STUDY MATERIAL ->
####

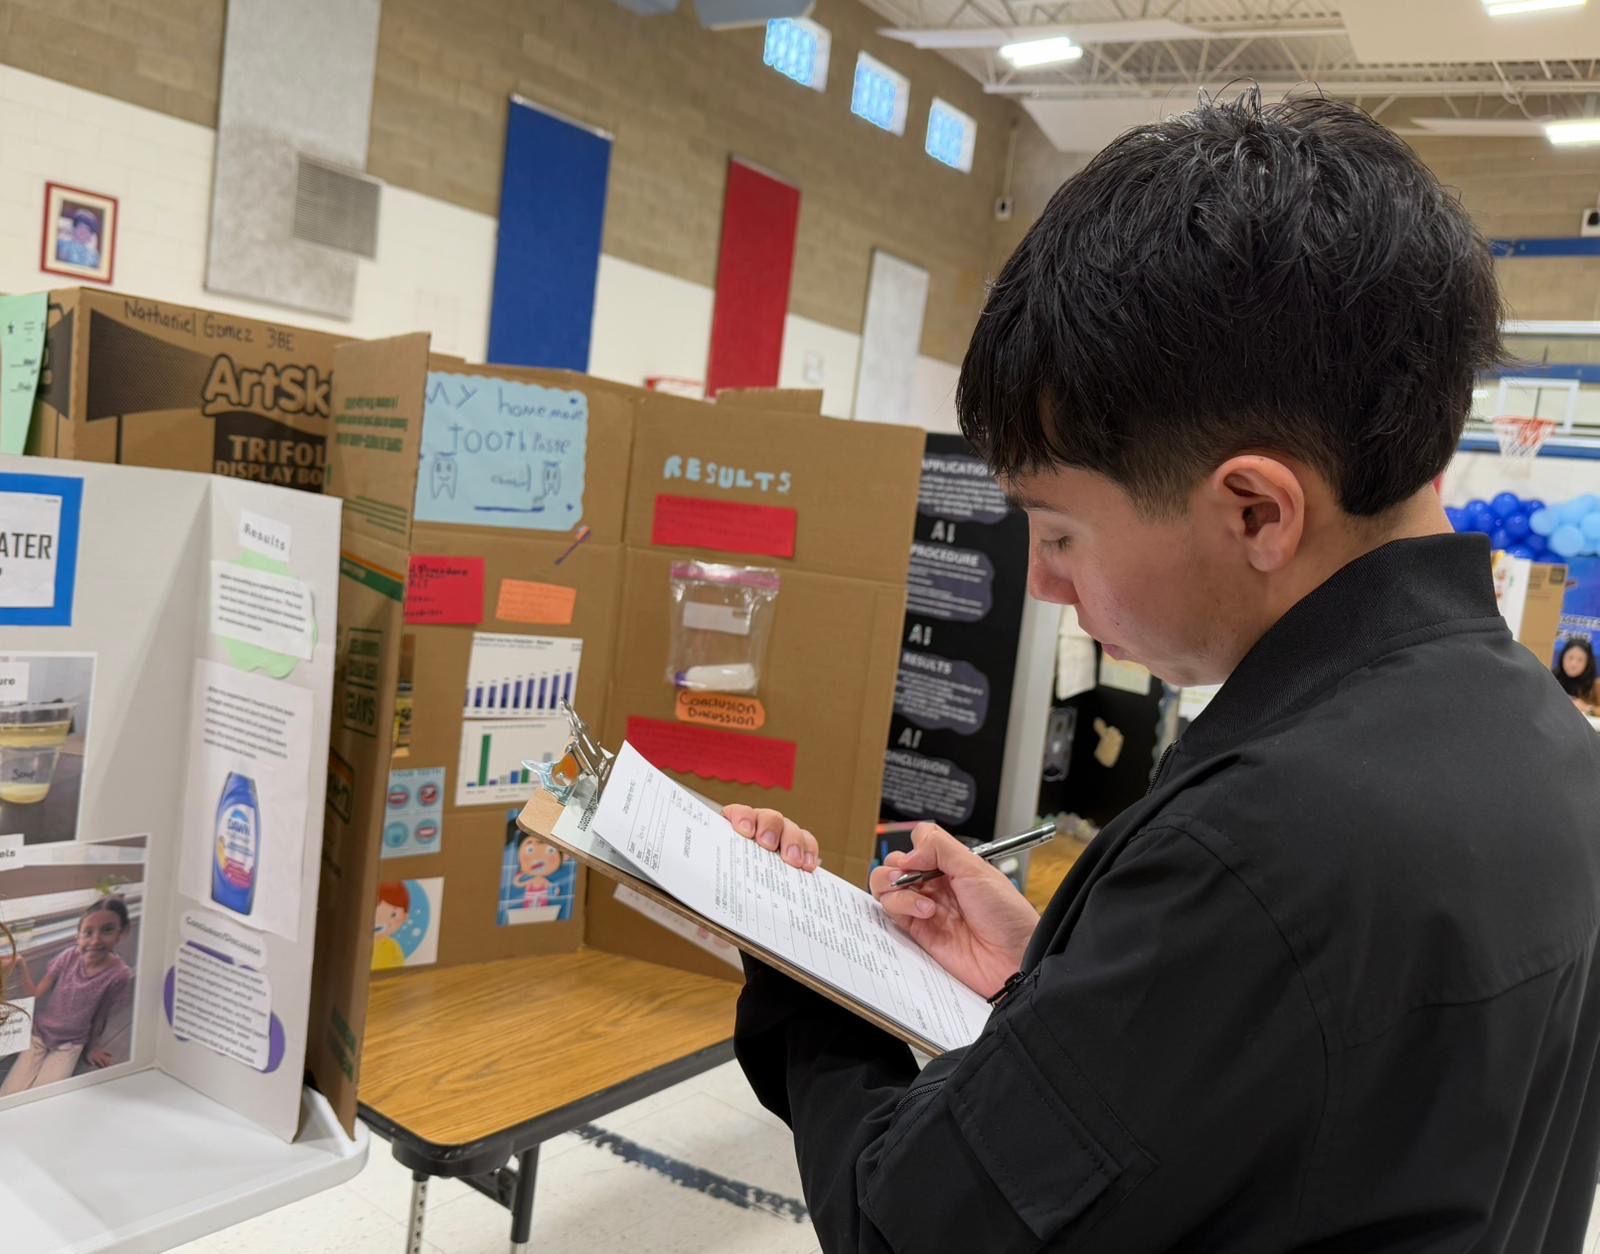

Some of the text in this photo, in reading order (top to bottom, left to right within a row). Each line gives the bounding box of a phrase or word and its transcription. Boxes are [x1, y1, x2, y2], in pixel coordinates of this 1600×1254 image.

[124, 299, 197, 337] Nathaniel
[203, 315, 255, 343] Gomez
[202, 353, 333, 418] ArtSk
[228, 434, 326, 467] TRIFOL
[215, 459, 323, 486] DISPLAY BO
[663, 454, 792, 494] RESULTS
[922, 458, 996, 477] APPLICATIO
[0, 531, 53, 560] ATER
[244, 522, 286, 551] Results
[903, 651, 953, 676] RESULTS
[886, 751, 950, 777] ONCLUSION
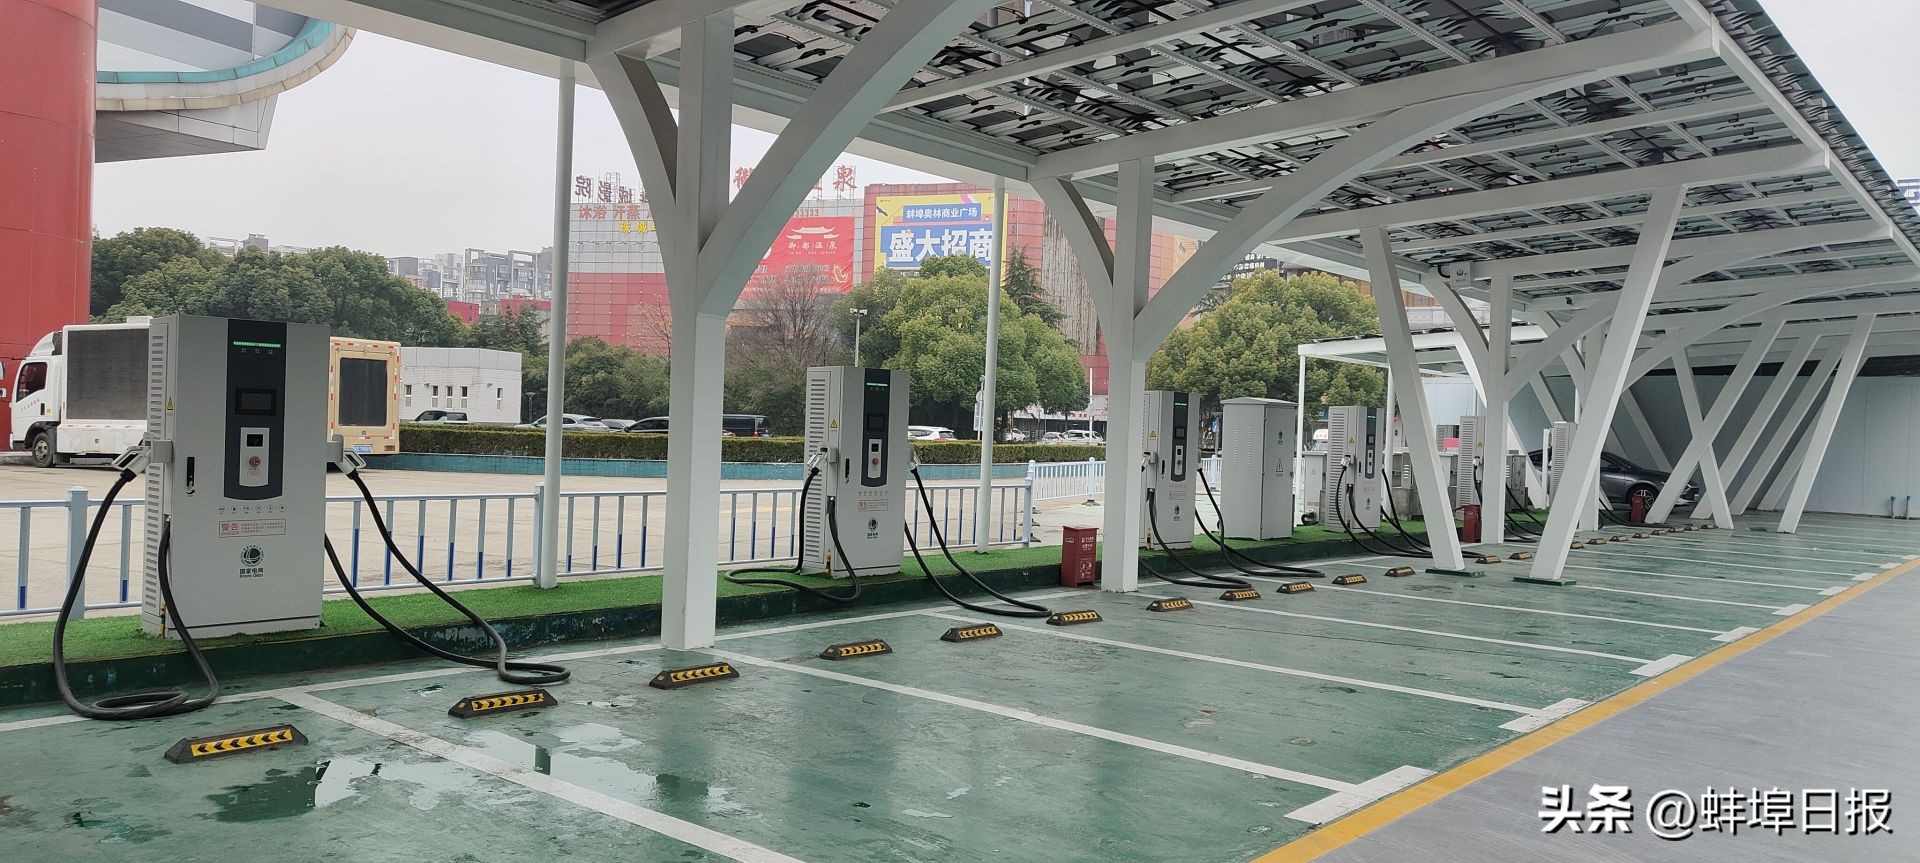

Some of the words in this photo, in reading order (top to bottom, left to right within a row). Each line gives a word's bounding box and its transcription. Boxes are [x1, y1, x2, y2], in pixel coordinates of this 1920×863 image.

[906, 207, 978, 219] 蚌埠奥林商业广场
[889, 228, 993, 263] 盛大招商
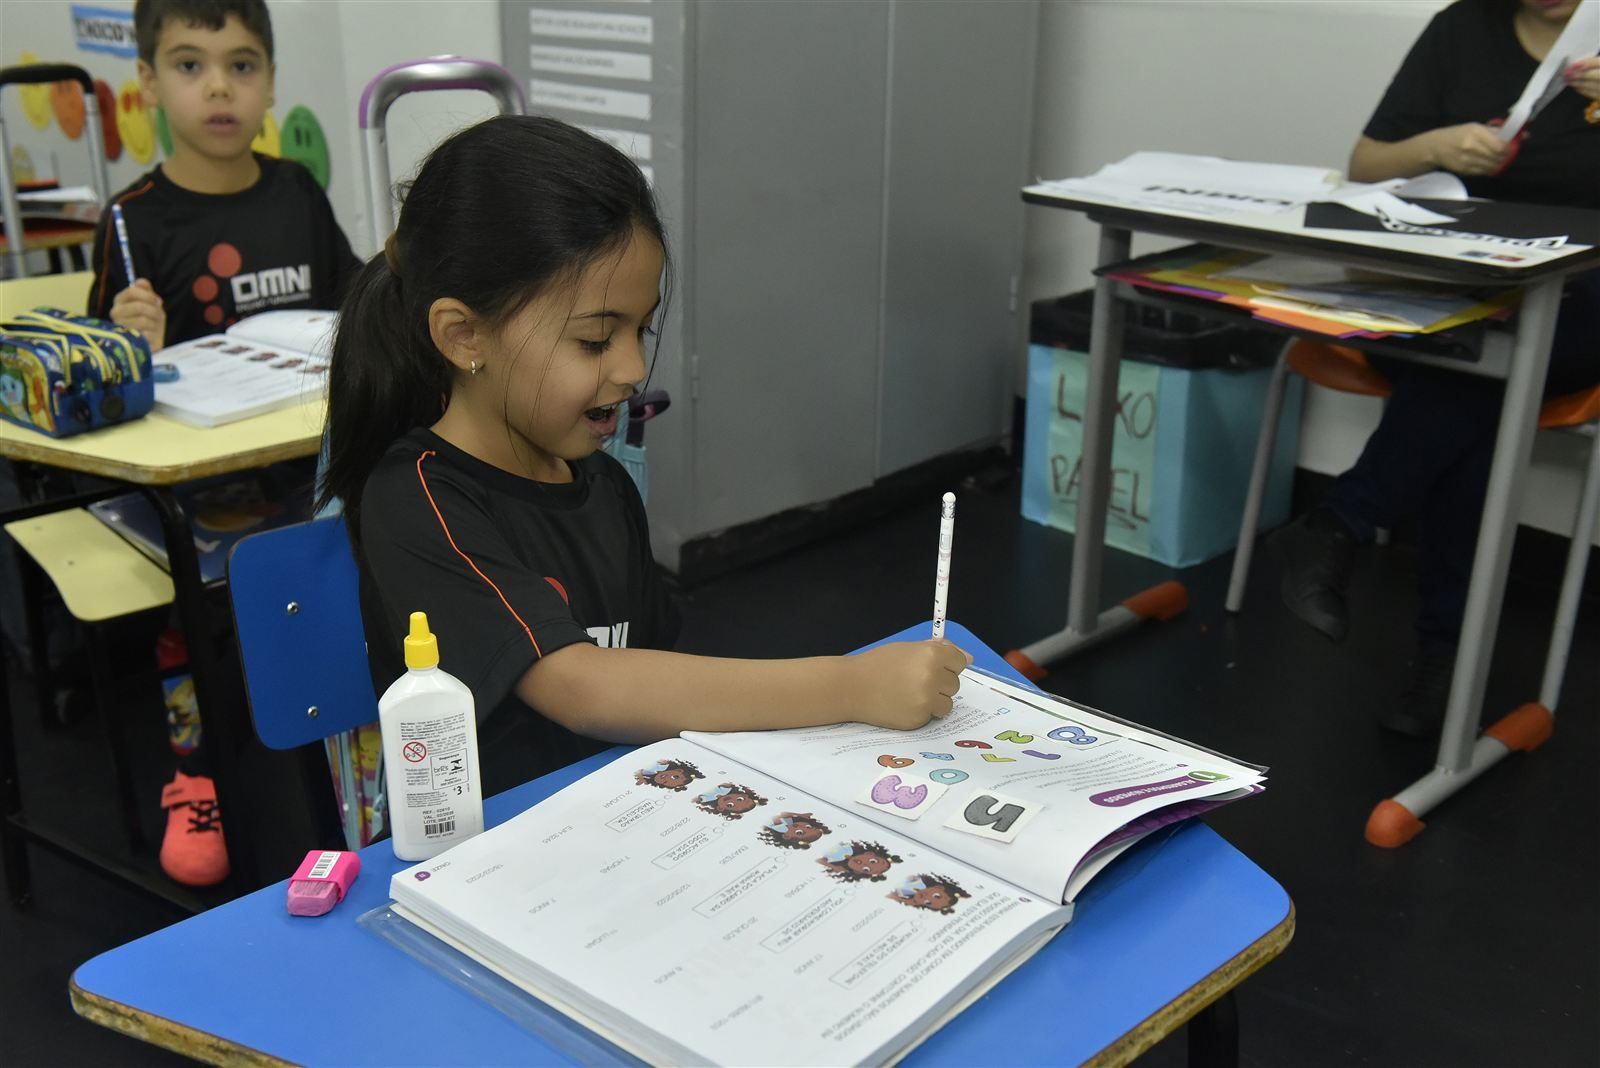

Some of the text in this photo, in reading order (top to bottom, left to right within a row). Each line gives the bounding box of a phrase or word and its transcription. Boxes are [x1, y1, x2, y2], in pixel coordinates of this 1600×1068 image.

[230, 264, 312, 304] OMNI
[1057, 373, 1157, 440] LXO
[1051, 454, 1149, 523] PAEL
[995, 730, 1035, 744] 2
[1047, 726, 1098, 746] 8
[877, 754, 915, 769] 9
[980, 753, 1016, 763] 7
[1021, 749, 1061, 761] 1
[871, 774, 928, 810] 3
[964, 794, 1025, 832] 5
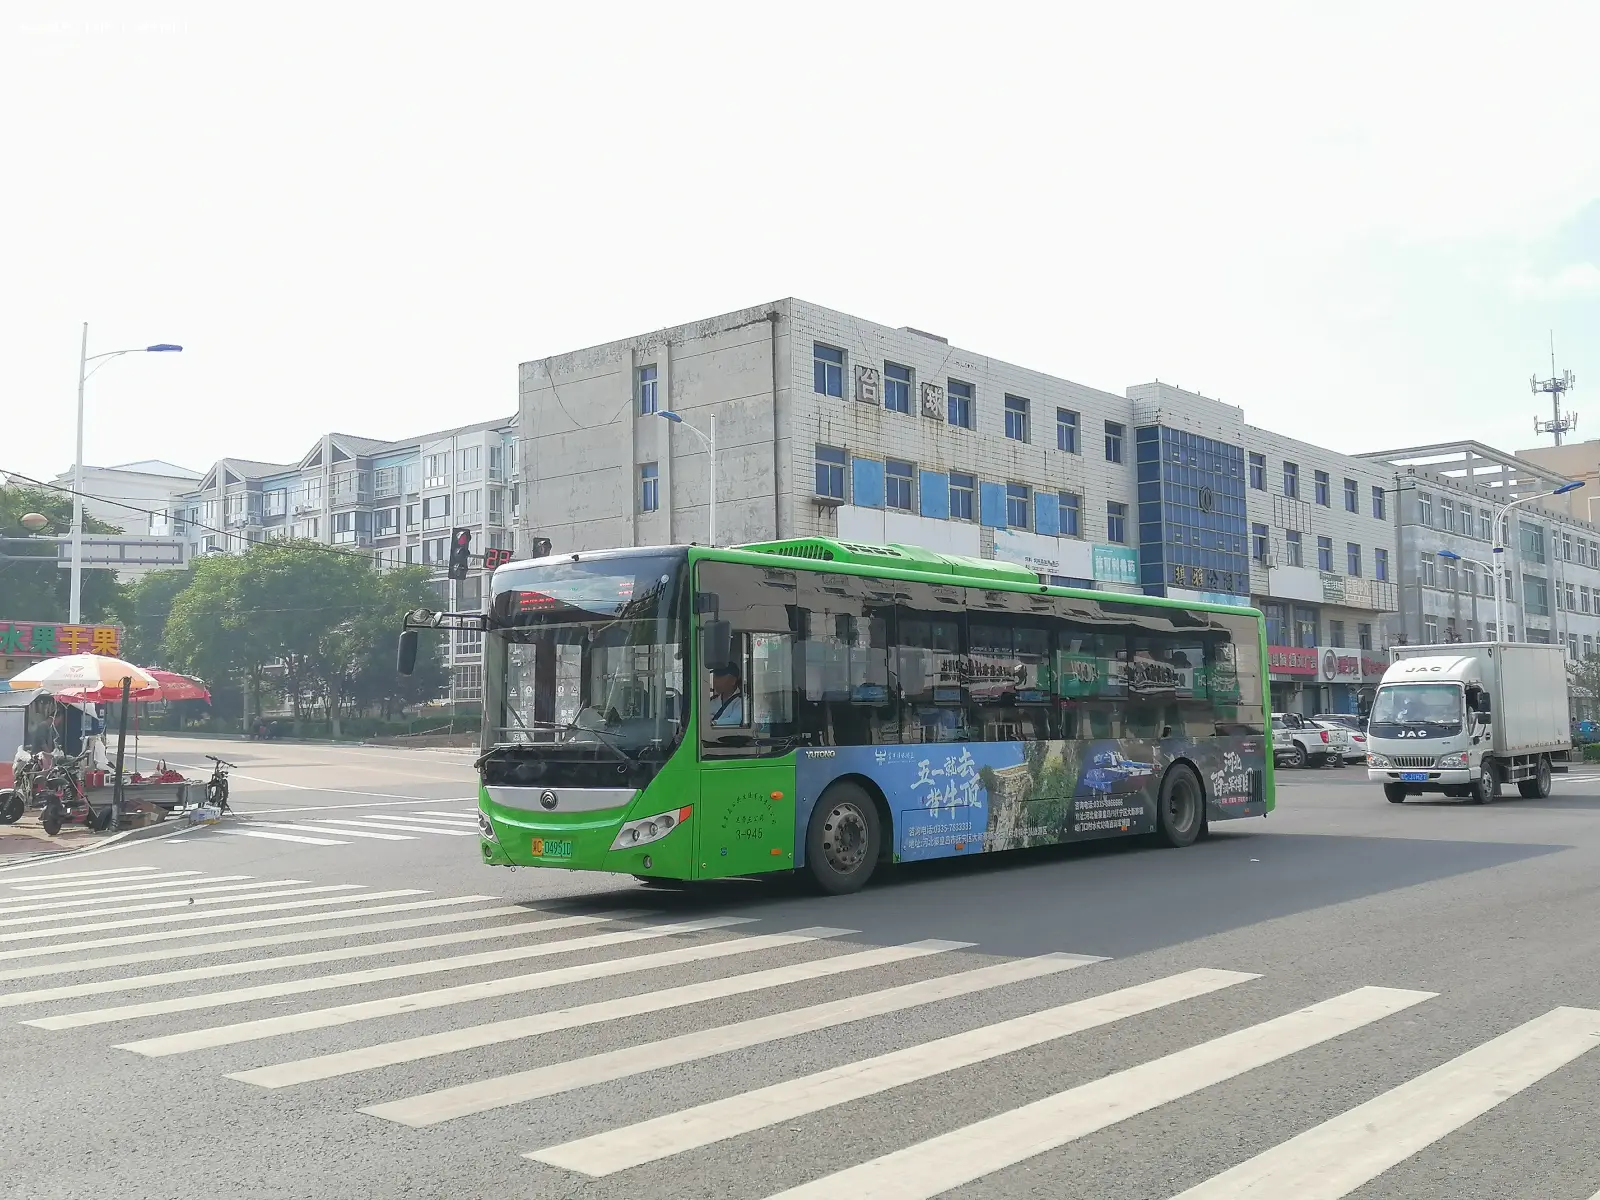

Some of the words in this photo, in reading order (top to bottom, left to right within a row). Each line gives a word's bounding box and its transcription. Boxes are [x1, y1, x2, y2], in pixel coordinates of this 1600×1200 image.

[0, 624, 119, 655] 水果干果
[1397, 730, 1427, 738] JAC
[805, 750, 836, 759] YUTONG
[735, 827, 763, 840] 3-945

####

WHAT YOU WILL DO ->
Pictures are to be left out; all other data must be returned exactly.

OUTPUT BELOW ->
Some of the text in this photo, in reading order (top to bottom, left to right within a row). Each line gives the bounding box of a phrase or word and its transcription. Boxes are [x1, y1, x2, y2], in pixel coordinates of this 1600×1254 image.

[124, 299, 197, 337] Nathaniel
[203, 315, 255, 343] Gomez
[202, 353, 333, 418] ArtSk
[228, 434, 326, 467] TRIFOL
[215, 459, 323, 486] DISPLAY BO
[663, 454, 792, 494] RESULTS
[922, 458, 996, 477] APPLICATIO
[0, 531, 53, 560] ATER
[244, 522, 286, 551] Results
[903, 651, 953, 676] RESULTS
[886, 751, 950, 777] ONCLUSION

Some of the words in this photo, in reading order (top to bottom, left to right within a row). Each line gives a word's bounding box and its transcription. Boxes are [x1, y1, x2, y2], in pixel coordinates of this 1920×863 image.

[906, 207, 978, 219] 蚌埠奥林商业广场
[889, 228, 993, 263] 盛大招商

Some of the text in this photo, in reading order (top to bottom, left to right within a row). Each line gives the bounding box of a phrase or word and its transcription. Boxes are [x1, y1, x2, y2], in pixel coordinates of this 1600×1068 image.

[230, 264, 312, 304] OMNI
[1057, 373, 1157, 440] LXO
[1051, 454, 1149, 523] PAEL
[995, 730, 1035, 744] 2
[1047, 726, 1098, 746] 8
[877, 754, 915, 769] 9
[980, 753, 1016, 763] 7
[1021, 749, 1061, 761] 1
[871, 774, 928, 810] 3
[964, 794, 1025, 832] 5

Some of the words in this photo, in reading order (top to bottom, left to right within a row). Each line gives a word's bounding box and its transcription. Boxes are [x1, y1, x2, y2], in pixel coordinates of this 1600×1200 image.

[0, 624, 119, 655] 水果干果
[1397, 730, 1427, 738] JAC
[805, 750, 836, 759] YUTONG
[735, 827, 763, 840] 3-945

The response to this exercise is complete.